EXERCISE GOAL.
For this exercise, write out each entry below exactly as it reads.

DATA FOR REVIEW.
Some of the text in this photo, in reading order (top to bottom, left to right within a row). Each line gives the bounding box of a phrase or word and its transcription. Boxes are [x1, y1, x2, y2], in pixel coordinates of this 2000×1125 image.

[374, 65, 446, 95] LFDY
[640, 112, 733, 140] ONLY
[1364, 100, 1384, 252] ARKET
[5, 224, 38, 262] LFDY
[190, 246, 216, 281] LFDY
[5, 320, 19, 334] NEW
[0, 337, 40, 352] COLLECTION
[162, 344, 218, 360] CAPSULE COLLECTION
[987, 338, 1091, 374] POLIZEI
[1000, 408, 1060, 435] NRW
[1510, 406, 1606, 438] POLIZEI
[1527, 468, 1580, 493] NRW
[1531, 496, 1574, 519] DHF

YOUR RESPONSE.
Some of the text in this photo, in reading order (top to bottom, left to right within a row). Each line gives the bounding box of a phrase or word and its transcription. Boxes are [x1, y1, x2, y2], in pixel coordinates of this 2000×1125 image.

[374, 65, 446, 95] LFDY
[640, 112, 733, 140] ONLY
[1364, 100, 1384, 252] ARKET
[5, 224, 38, 262] LFDY
[190, 246, 216, 281] LFDY
[5, 320, 19, 334] NEW
[0, 337, 40, 352] COLLECTION
[162, 344, 218, 360] CAPSULE COLLECTION
[987, 338, 1091, 374] POLIZEI
[1000, 408, 1060, 435] NRW
[1510, 406, 1606, 438] POLIZEI
[1527, 468, 1580, 493] NRW
[1531, 496, 1574, 519] DHF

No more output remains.